• [REQUIRED WORK]:
The answer must give back every line of the data exactly, with no pictures.
»»
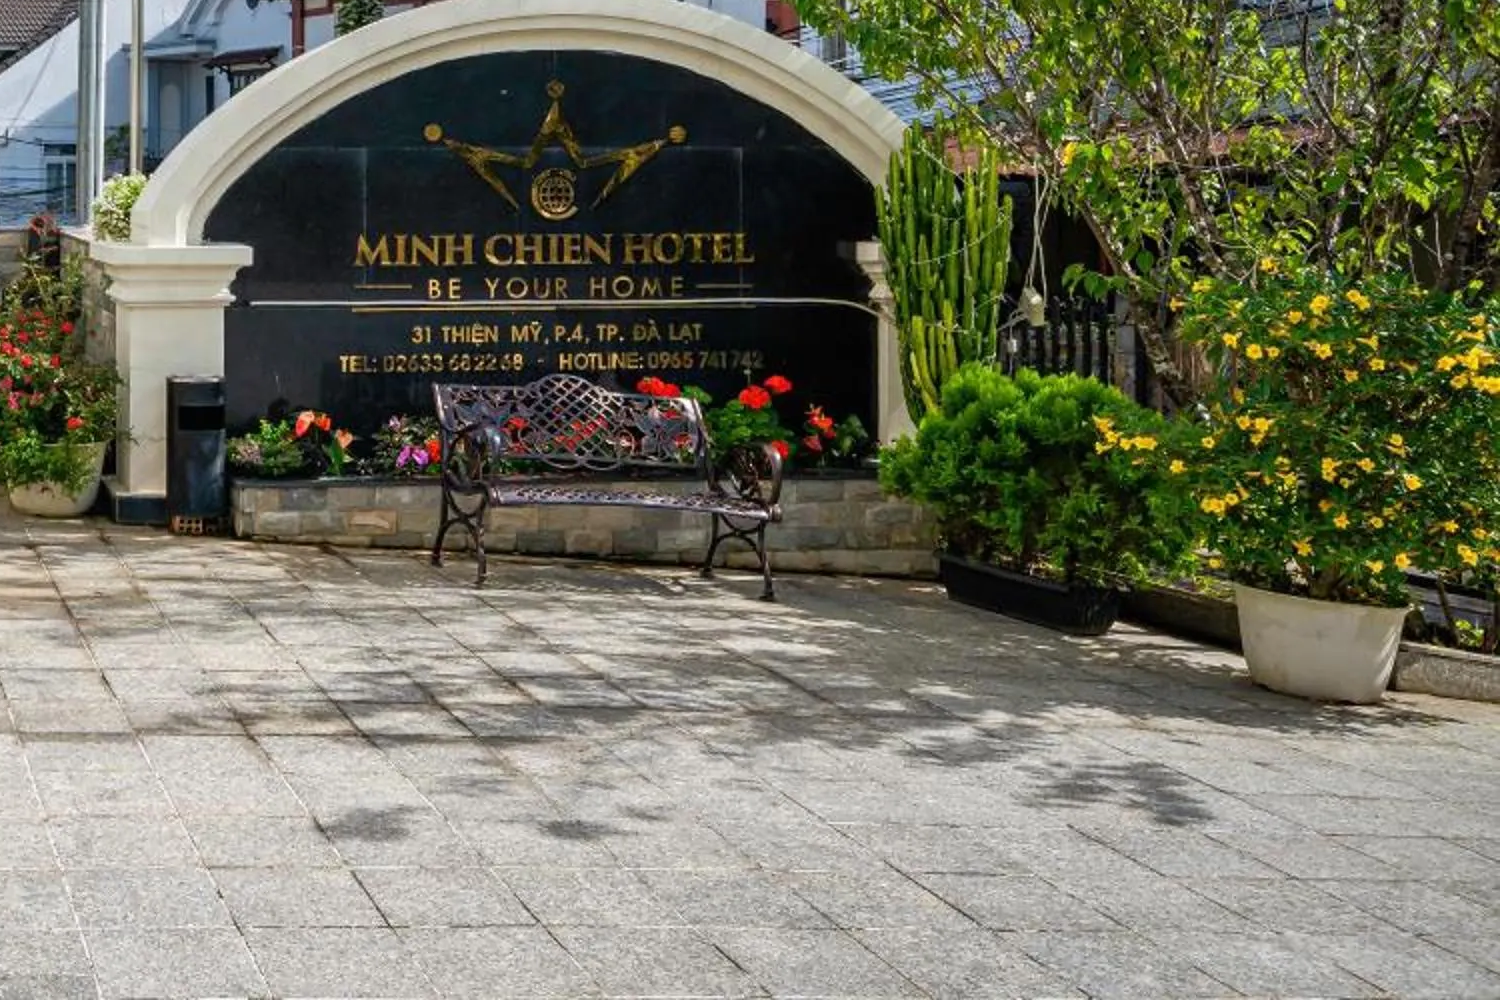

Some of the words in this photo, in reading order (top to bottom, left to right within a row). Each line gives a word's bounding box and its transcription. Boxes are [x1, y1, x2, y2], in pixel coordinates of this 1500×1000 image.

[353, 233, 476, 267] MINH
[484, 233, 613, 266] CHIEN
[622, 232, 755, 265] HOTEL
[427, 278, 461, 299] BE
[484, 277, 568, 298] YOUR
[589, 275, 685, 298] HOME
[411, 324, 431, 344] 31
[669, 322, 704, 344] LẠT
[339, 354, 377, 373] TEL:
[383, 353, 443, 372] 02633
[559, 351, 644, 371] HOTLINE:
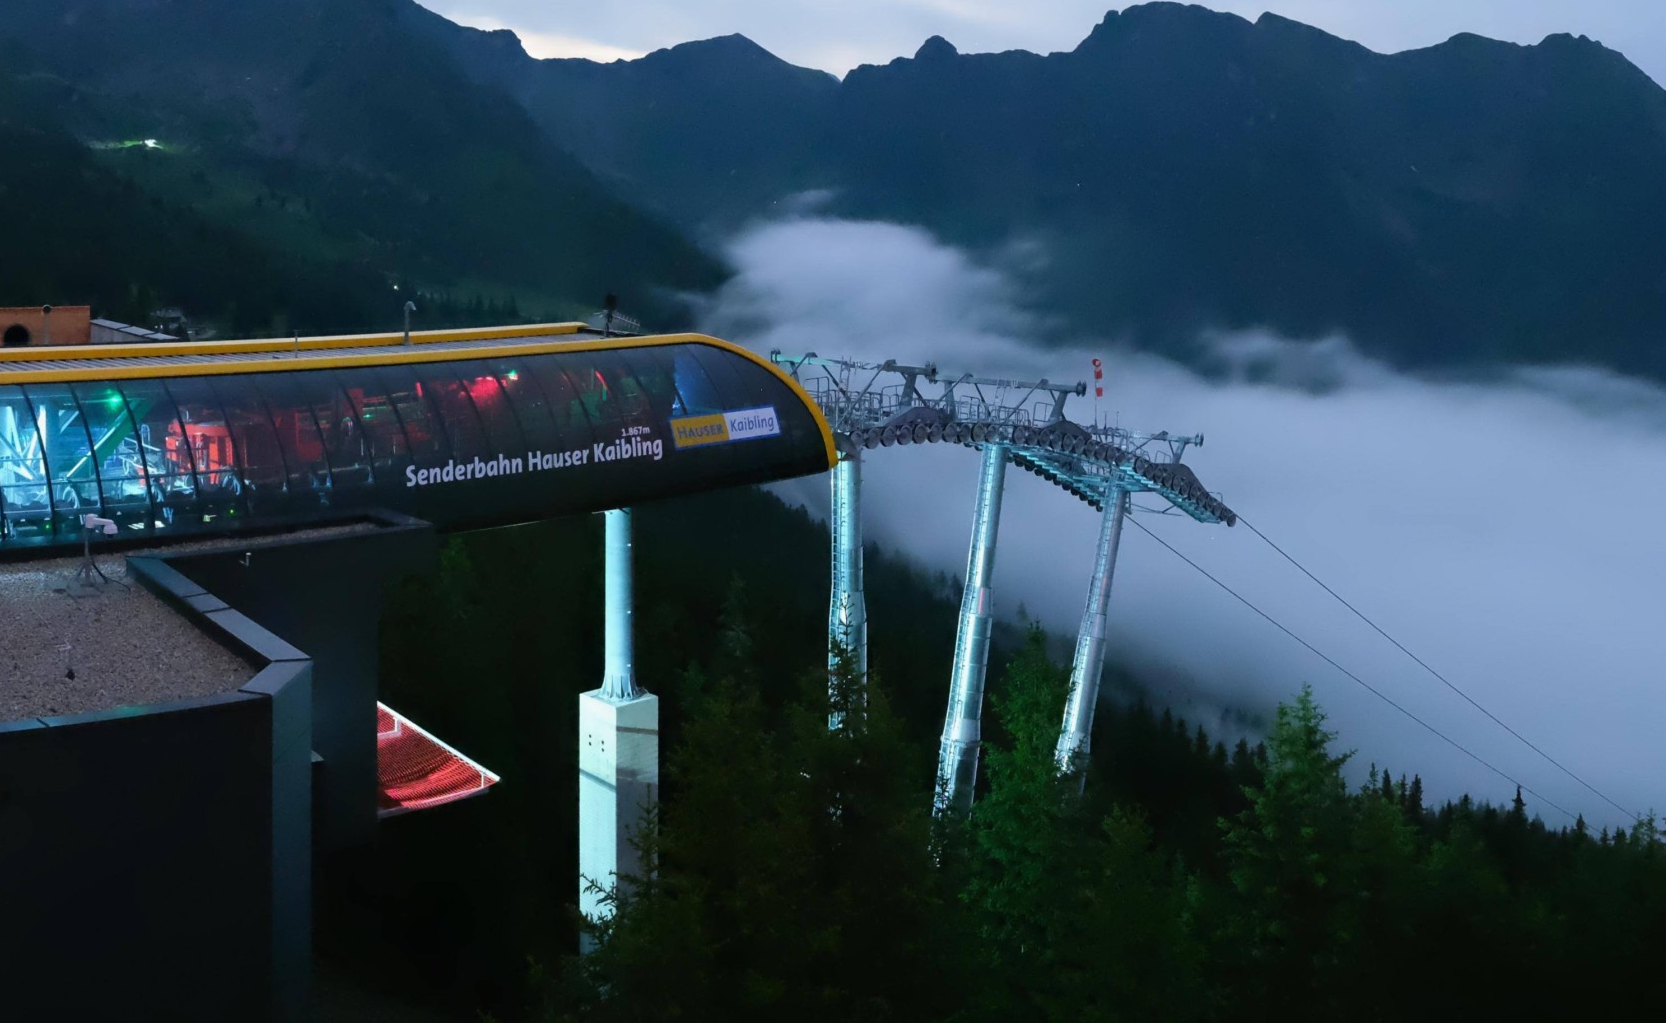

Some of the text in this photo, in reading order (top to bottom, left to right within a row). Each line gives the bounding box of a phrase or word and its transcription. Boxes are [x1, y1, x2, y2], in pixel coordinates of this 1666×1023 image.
««
• [THE ANSWER]:
Some of the words in this photo, in reading order (top to bottom, left to right within a row). Each line gives a word's bounding box and its transcription. Boxes are [x1, y1, x2, y2], in pixel coordinates of this 1500×1000 image.

[353, 233, 476, 267] MINH
[484, 233, 613, 266] CHIEN
[622, 232, 755, 265] HOTEL
[427, 278, 461, 299] BE
[484, 277, 568, 298] YOUR
[589, 275, 685, 298] HOME
[411, 324, 431, 344] 31
[669, 322, 704, 344] LẠT
[339, 354, 377, 373] TEL:
[383, 353, 443, 372] 02633
[559, 351, 644, 371] HOTLINE:

Some of the text in this photo, in reading order (top to bottom, left to right within a row). Each line gives the bounding box of a phrase or word and its transcription. Boxes are [x1, y1, x2, y2], in pixel coordinates of this 1666×1023 image.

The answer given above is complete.